Gaming executives gather in Tahoe to learn; face-off in management competition
University program draws top gaming managers and executives from around the world
Top gaming executives from around the world will gather in Lake Tahoe next week to sharpen their management skills, discuss current topics relevant to the gaming industry and hear from industry experts. They will also spend time all week preparing to face off against one another in teams at the end of week, in a competition where each team has to address a hypothetical, gaming-related management challenge—a battle of the best in gaming.
It's all part of the annual Executive Development Program, now in its 22nd year, sponsored by the University of Nevada, Reno Institute for the Study of Gambling and Commercial Gaming. The program, offered through the University's College of Business and Extended Studies, is the only program of its kind offered in the world. It is designed and co-moderated by internationally recognized gaming expert Bill Eadington, economics professor and director of the Institute for the Study of Gambling and Commercial Gaming at the University.
"The competition has become more and more of an obsession each year, with the groups now often working late into the night," Eadington said. "It's a great bonding experience for the participants. Many of the alums end up staying in contact with each other throughout the years."
The program begins Oct. 8 at Harveys Lake Tahoe and winds up Oct. 16, with the teams making their final presentations the afternoon of Oct. 15. The program's emphasis this year is "Confronting Challenges and Embracing Opportunities - Strategic Leadership in the Gaming Industry." Eadington said the program is rigorous, with sessions beginning at 8:30 a.m. each day and activities continuing into the evening.

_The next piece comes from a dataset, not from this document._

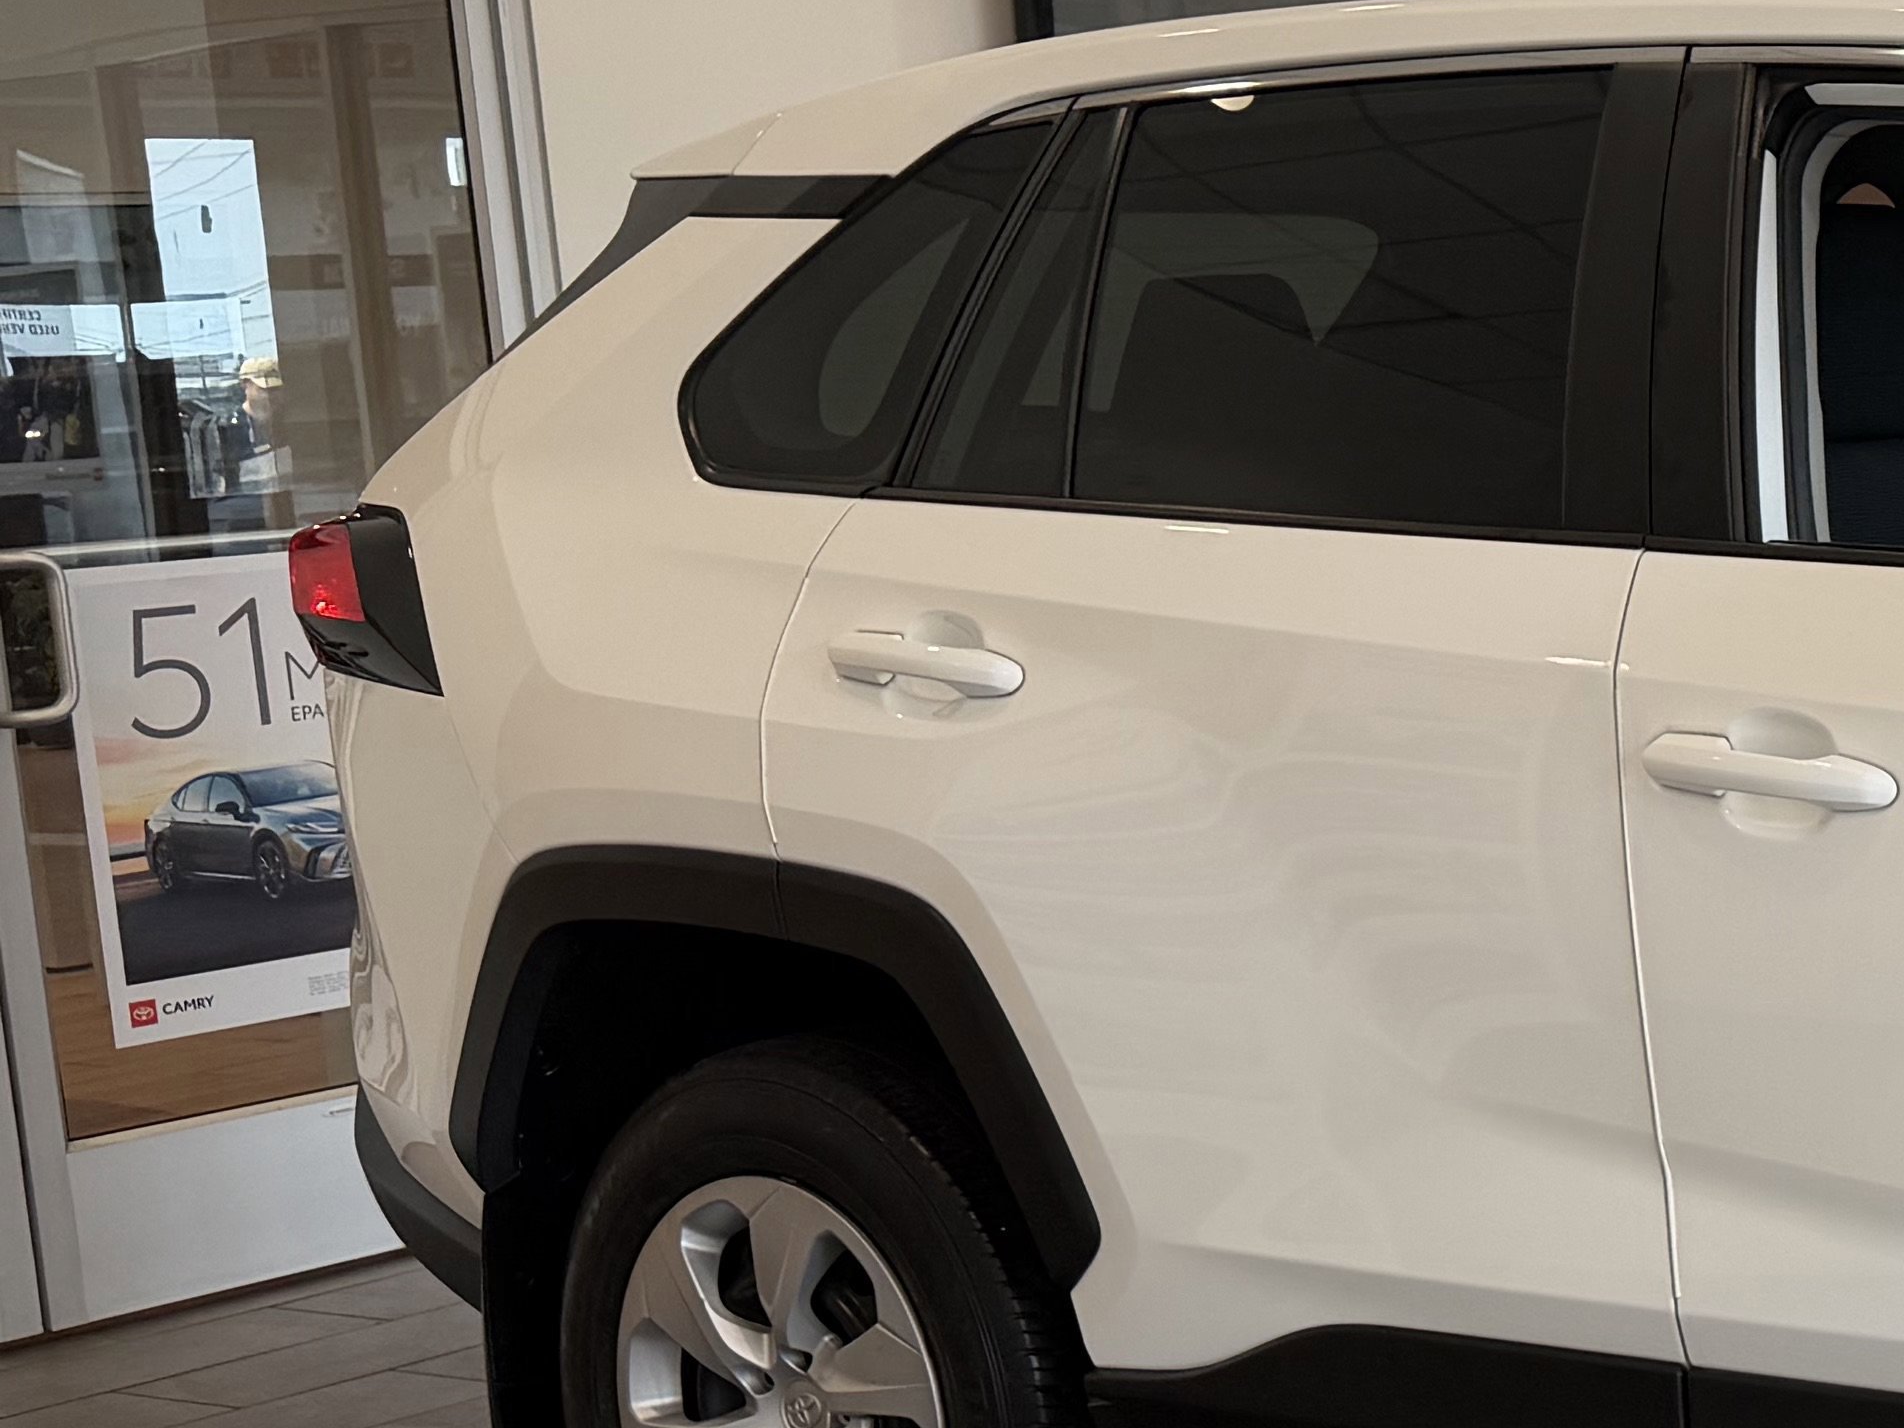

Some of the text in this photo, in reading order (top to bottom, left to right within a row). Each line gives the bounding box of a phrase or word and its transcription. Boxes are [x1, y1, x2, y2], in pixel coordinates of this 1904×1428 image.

[131, 597, 271, 739] 51
[291, 703, 325, 722] EPA
[162, 995, 214, 1015] CAMRY

Thirty to 40 percent of this year's approximately 60 participants are from the United States, with the balance coming from countries or areas such as Canada, Mexico, Argentina, Colombia, Latvia, Sweden, Finland, Estonia, Singapore and Macau. Throughout the program's 21 years, it has graduated 1,087 executives from gaming companies and regulatory agencies representing 49 countries and regions around the world. Many participants go back to their establishments and pattern their own internal training programs after this program, Eadington said.

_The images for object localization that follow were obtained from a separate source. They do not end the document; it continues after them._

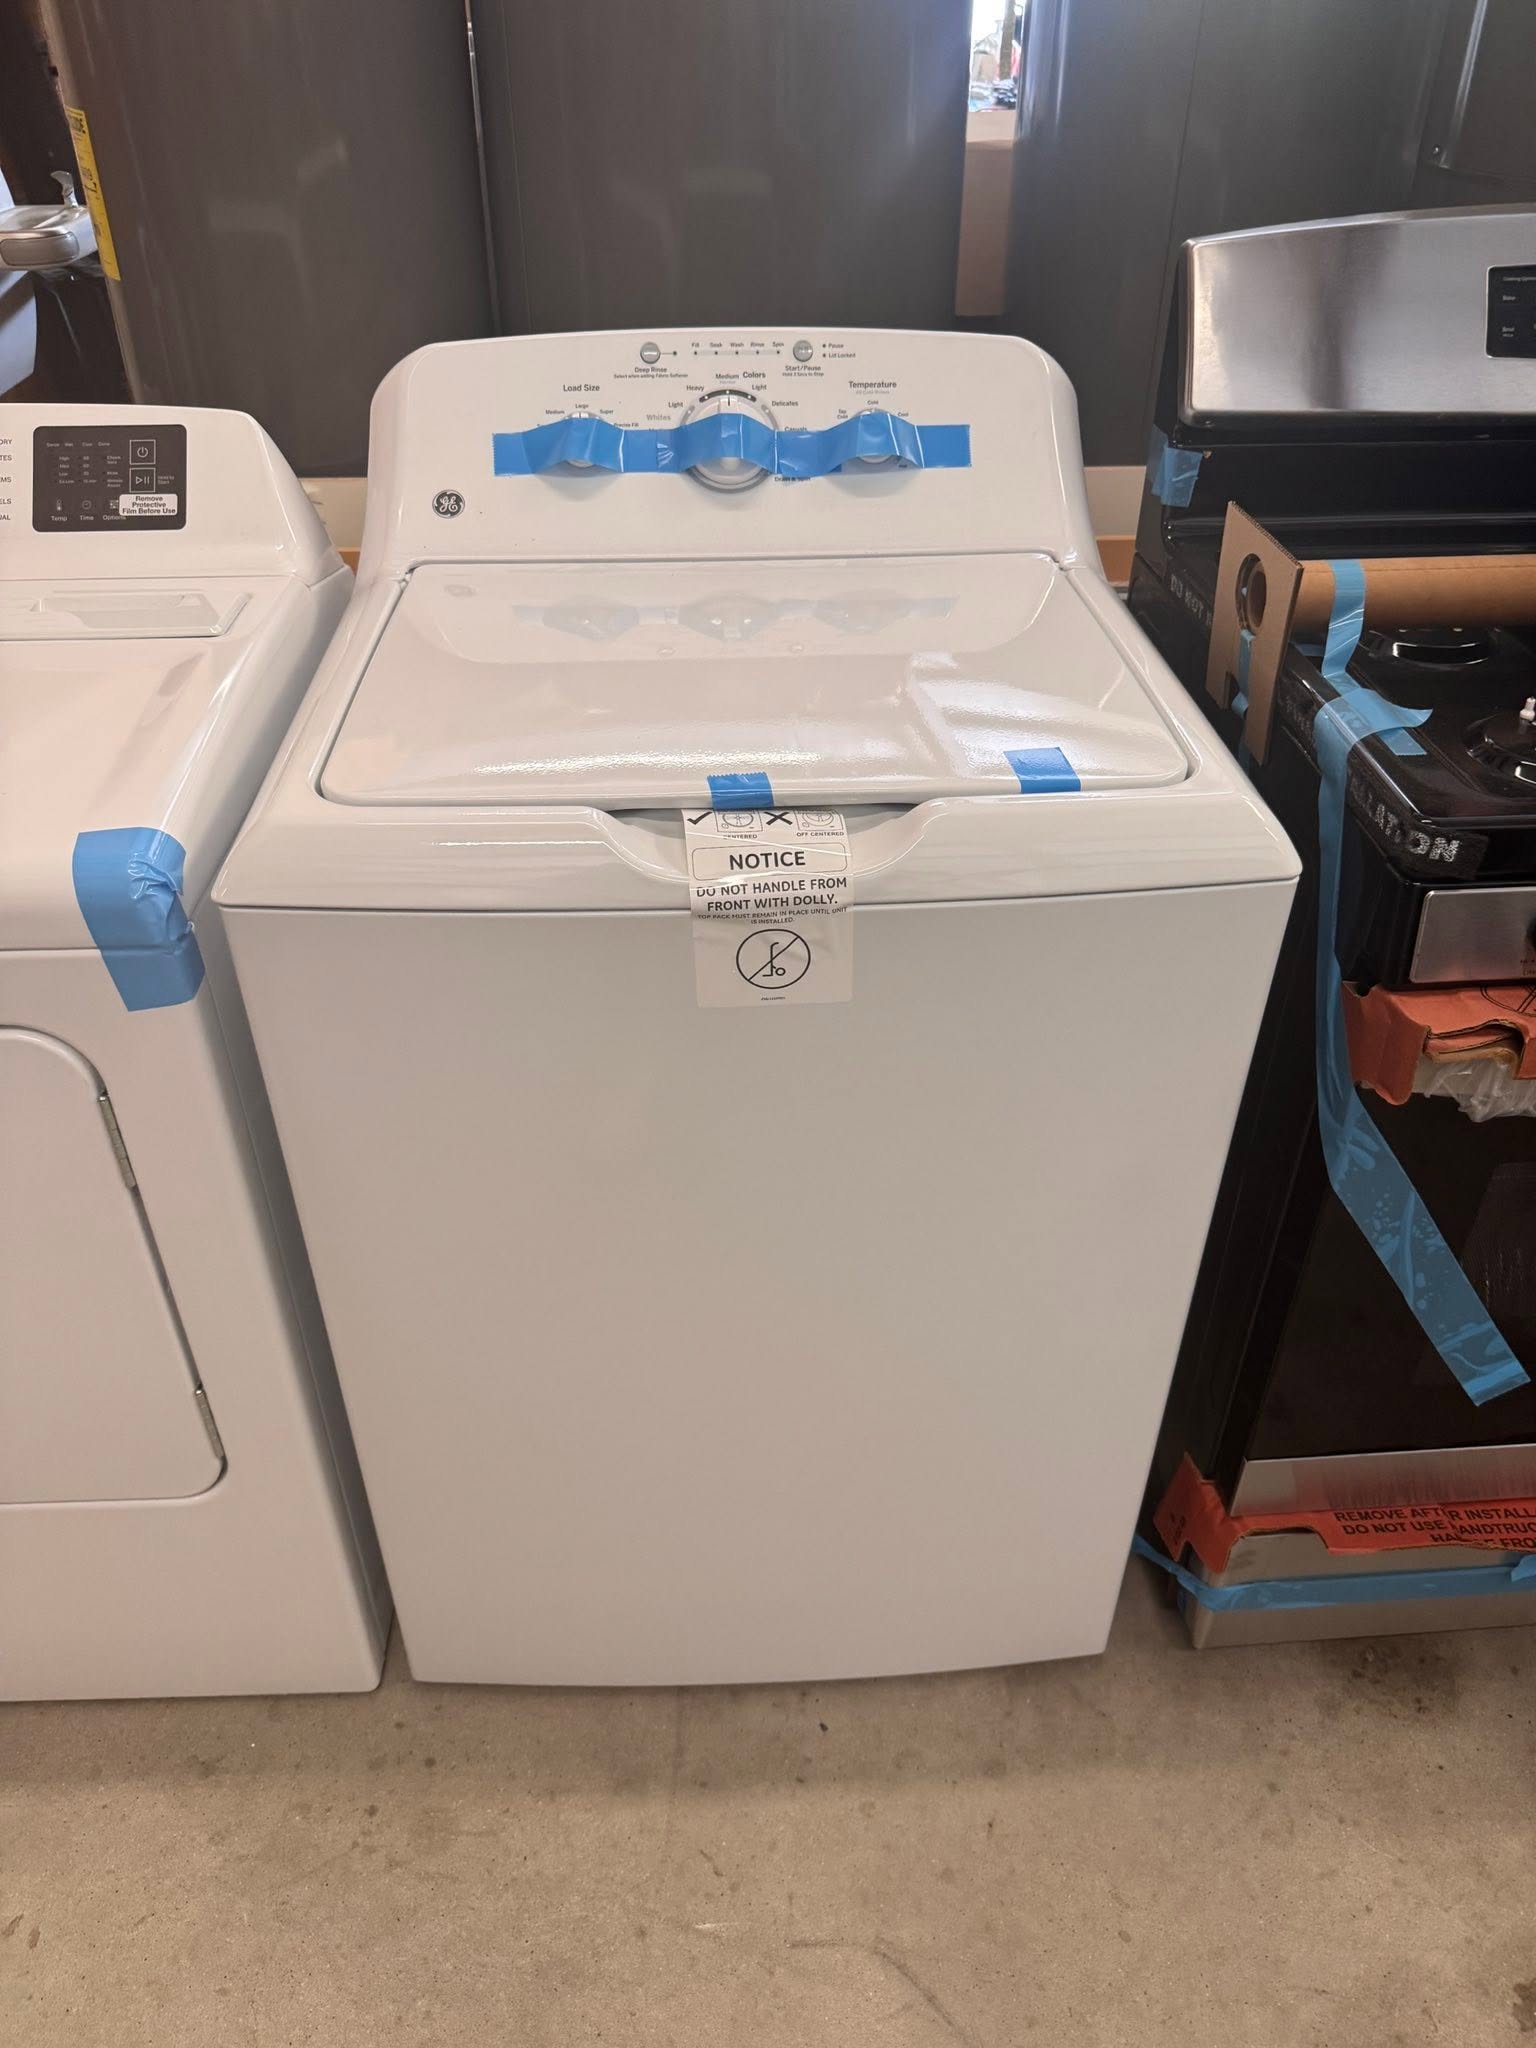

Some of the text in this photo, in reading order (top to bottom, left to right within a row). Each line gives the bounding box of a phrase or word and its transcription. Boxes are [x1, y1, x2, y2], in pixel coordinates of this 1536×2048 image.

[742, 371, 766, 379] Colors
[563, 384, 600, 392] Load Size
[686, 384, 704, 392] Heavy
[751, 384, 767, 392] Light
[848, 380, 897, 389] Temperature
[668, 401, 683, 409] Light
[729, 851, 806, 871] NOTICE
[696, 877, 847, 897] DO NOT HANDLE FROM
[707, 893, 838, 912] FRONT WITH DOLLY.
[752, 911, 778, 919] REMAIN
[832, 906, 847, 914] UNIT
[1333, 1509, 1408, 1522] REMOVE
[1464, 1507, 1536, 1521] INSTALL
[1342, 1524, 1370, 1535] DO
[1372, 1522, 1407, 1534] NOT
[1410, 1520, 1447, 1532] USE
[1500, 1536, 1536, 1549] FRO

Along with Eadington, who has been at the University since 1969 and was inducted into the Gaming Hall of Fame last November, Richard Schuetz will co-moderate the program this year. Schuetz, who was a student of Eadington's and is an alumnus of the University of Nevada, Reno College of Business, is the commissioner of the California Gambling Control Commission and former CEO of the Stratosphere in Las Vegas. Eadington and Schuetz will give several presentations throughout the program, as will several other prominent names in the gaming community, including:
- Phil Satre, chairman of the board, International Game Technology; former CEO and chairman, Harrah's Entertainment (now Caesars Entertainment)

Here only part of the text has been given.